━━━━━ MATERIAL FOR THIS EXERCISE ━━━━━

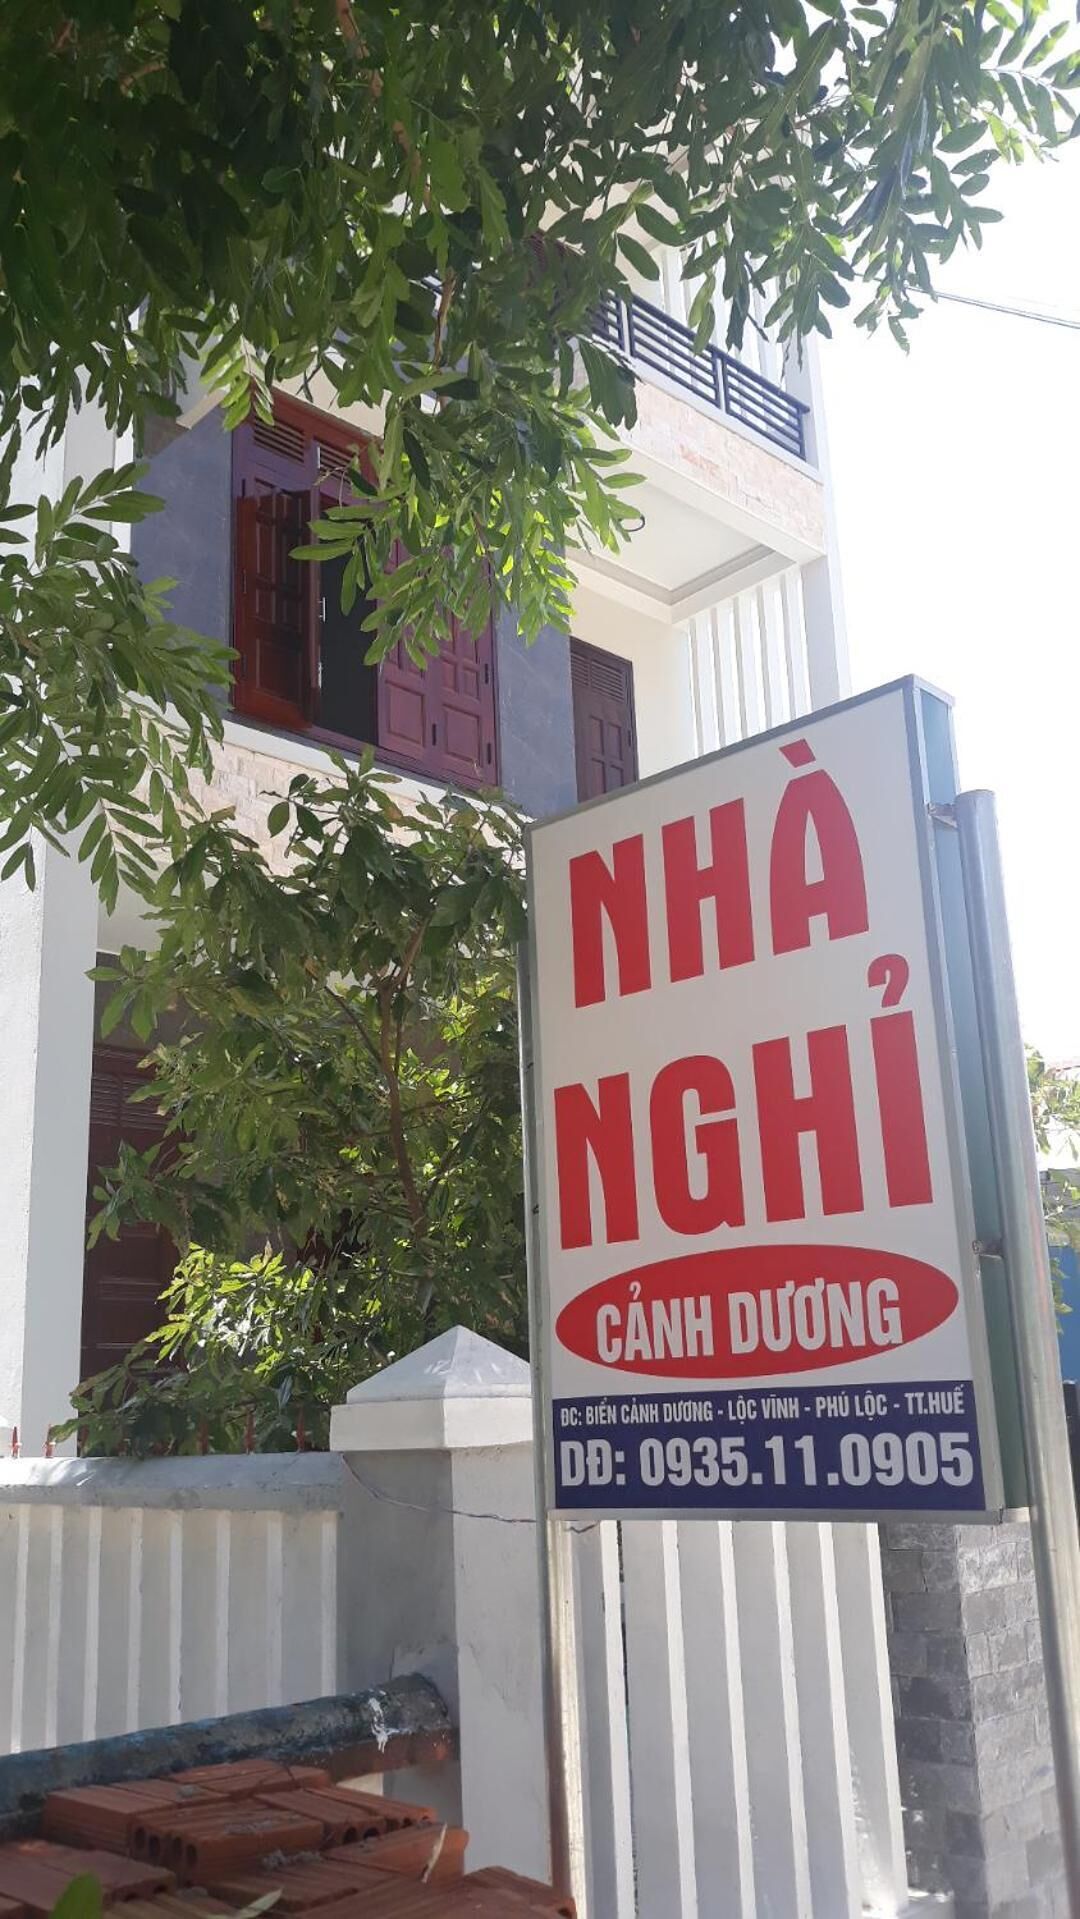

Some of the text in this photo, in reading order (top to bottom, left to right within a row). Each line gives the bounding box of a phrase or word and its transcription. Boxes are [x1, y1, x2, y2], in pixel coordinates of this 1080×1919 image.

[569, 738, 869, 1008] NHÀ
[553, 953, 933, 1250] NGHỈ
[596, 1277, 903, 1363] CẢNH DƯƠNG
[560, 1407, 582, 1426] ĐC:
[621, 1397, 659, 1423] CẢNH
[663, 1400, 713, 1422] DƯƠNG
[728, 1395, 757, 1424] LỘC
[761, 1394, 799, 1419] VĨNH
[816, 1391, 849, 1417] PHÚ
[854, 1390, 887, 1421] LỘC
[905, 1384, 964, 1415] TT.HUẾ
[560, 1431, 974, 1487] DĐ: 0935.11.0905

━━━━━

DIRECTIONS FOR THIS TASK: Omit the images and transcribe all of the records above word for word.

RESULT OF THE EXERCISE:
Some of the text in this photo, in reading order (top to bottom, left to right within a row). Each line gives the bounding box of a phrase or word and its transcription. Boxes are [x1, y1, x2, y2], in pixel coordinates of this 1080×1919 image.

[569, 738, 869, 1008] NHÀ
[553, 953, 933, 1250] NGHỈ
[596, 1277, 903, 1363] CẢNH DƯƠNG
[560, 1407, 582, 1426] ĐC:
[621, 1397, 659, 1423] CẢNH
[663, 1400, 713, 1422] DƯƠNG
[728, 1395, 757, 1424] LỘC
[761, 1394, 799, 1419] VĨNH
[816, 1391, 849, 1417] PHÚ
[854, 1390, 887, 1421] LỘC
[905, 1384, 964, 1415] TT.HUẾ
[560, 1431, 974, 1487] DĐ: 0935.11.0905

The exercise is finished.